---------- Source data

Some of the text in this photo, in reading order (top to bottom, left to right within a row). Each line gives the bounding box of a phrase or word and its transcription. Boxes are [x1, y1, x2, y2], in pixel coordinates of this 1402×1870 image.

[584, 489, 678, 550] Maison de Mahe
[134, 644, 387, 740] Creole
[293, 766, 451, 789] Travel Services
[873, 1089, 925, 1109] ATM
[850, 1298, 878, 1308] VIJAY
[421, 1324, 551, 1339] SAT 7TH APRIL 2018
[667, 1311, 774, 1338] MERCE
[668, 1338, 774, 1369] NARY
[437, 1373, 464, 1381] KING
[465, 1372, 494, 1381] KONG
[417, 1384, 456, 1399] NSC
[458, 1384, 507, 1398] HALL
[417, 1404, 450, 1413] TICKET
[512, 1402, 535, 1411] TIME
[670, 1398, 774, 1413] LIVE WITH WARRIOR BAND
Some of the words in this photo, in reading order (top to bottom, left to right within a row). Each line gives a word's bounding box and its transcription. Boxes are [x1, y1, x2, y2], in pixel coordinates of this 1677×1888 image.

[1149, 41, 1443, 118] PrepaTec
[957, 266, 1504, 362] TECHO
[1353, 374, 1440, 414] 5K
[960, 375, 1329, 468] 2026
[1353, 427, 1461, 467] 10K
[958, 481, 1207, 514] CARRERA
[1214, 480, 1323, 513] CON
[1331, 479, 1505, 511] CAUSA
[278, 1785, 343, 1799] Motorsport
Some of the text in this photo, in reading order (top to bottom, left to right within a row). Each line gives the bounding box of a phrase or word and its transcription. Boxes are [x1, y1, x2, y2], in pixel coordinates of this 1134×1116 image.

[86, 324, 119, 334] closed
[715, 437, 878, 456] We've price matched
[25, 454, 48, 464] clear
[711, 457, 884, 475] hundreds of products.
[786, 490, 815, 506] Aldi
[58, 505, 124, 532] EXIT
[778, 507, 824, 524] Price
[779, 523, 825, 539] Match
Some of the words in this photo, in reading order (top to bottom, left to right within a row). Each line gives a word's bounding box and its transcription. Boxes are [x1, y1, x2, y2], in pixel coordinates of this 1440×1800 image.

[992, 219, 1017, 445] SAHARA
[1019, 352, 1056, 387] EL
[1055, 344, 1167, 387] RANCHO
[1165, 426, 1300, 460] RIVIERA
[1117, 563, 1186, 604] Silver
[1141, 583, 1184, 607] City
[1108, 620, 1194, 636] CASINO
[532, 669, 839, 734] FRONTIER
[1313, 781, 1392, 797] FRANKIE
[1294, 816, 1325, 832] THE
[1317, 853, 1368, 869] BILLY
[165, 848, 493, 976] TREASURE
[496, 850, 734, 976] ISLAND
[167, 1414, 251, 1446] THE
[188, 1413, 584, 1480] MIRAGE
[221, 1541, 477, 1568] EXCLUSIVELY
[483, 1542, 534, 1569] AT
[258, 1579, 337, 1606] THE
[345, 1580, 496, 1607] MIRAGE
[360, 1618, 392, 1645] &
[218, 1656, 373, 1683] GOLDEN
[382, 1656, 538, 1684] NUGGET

--------------------

● **Work task**: The records shown above are to be copied exactly, every one of them.

● **Answer area**:
Some of the text in this photo, in reading order (top to bottom, left to right within a row). Each line gives the bounding box of a phrase or word and its transcription. Boxes are [x1, y1, x2, y2], in pixel coordinates of this 1402×1870 image.

[584, 489, 678, 550] Maison de Mahe
[134, 644, 387, 740] Creole
[293, 766, 451, 789] Travel Services
[873, 1089, 925, 1109] ATM
[850, 1298, 878, 1308] VIJAY
[421, 1324, 551, 1339] SAT 7TH APRIL 2018
[667, 1311, 774, 1338] MERCE
[668, 1338, 774, 1369] NARY
[437, 1373, 464, 1381] KING
[465, 1372, 494, 1381] KONG
[417, 1384, 456, 1399] NSC
[458, 1384, 507, 1398] HALL
[417, 1404, 450, 1413] TICKET
[512, 1402, 535, 1411] TIME
[670, 1398, 774, 1413] LIVE WITH WARRIOR BAND
Some of the words in this photo, in reading order (top to bottom, left to right within a row). Each line gives a word's bounding box and its transcription. Boxes are [x1, y1, x2, y2], in pixel coordinates of this 1677×1888 image.

[1149, 41, 1443, 118] PrepaTec
[957, 266, 1504, 362] TECHO
[1353, 374, 1440, 414] 5K
[960, 375, 1329, 468] 2026
[1353, 427, 1461, 467] 10K
[958, 481, 1207, 514] CARRERA
[1214, 480, 1323, 513] CON
[1331, 479, 1505, 511] CAUSA
[278, 1785, 343, 1799] Motorsport
Some of the text in this photo, in reading order (top to bottom, left to right within a row). Each line gives the bounding box of a phrase or word and its transcription. Boxes are [x1, y1, x2, y2], in pixel coordinates of this 1134×1116 image.

[86, 324, 119, 334] closed
[715, 437, 878, 456] We've price matched
[25, 454, 48, 464] clear
[711, 457, 884, 475] hundreds of products.
[786, 490, 815, 506] Aldi
[58, 505, 124, 532] EXIT
[778, 507, 824, 524] Price
[779, 523, 825, 539] Match
Some of the words in this photo, in reading order (top to bottom, left to right within a row). Each line gives a word's bounding box and its transcription. Boxes are [x1, y1, x2, y2], in pixel coordinates of this 1440×1800 image.

[992, 219, 1017, 445] SAHARA
[1019, 352, 1056, 387] EL
[1055, 344, 1167, 387] RANCHO
[1165, 426, 1300, 460] RIVIERA
[1117, 563, 1186, 604] Silver
[1141, 583, 1184, 607] City
[1108, 620, 1194, 636] CASINO
[532, 669, 839, 734] FRONTIER
[1313, 781, 1392, 797] FRANKIE
[1294, 816, 1325, 832] THE
[1317, 853, 1368, 869] BILLY
[165, 848, 493, 976] TREASURE
[496, 850, 734, 976] ISLAND
[167, 1414, 251, 1446] THE
[188, 1413, 584, 1480] MIRAGE
[221, 1541, 477, 1568] EXCLUSIVELY
[483, 1542, 534, 1569] AT
[258, 1579, 337, 1606] THE
[345, 1580, 496, 1607] MIRAGE
[360, 1618, 392, 1645] &
[218, 1656, 373, 1683] GOLDEN
[382, 1656, 538, 1684] NUGGET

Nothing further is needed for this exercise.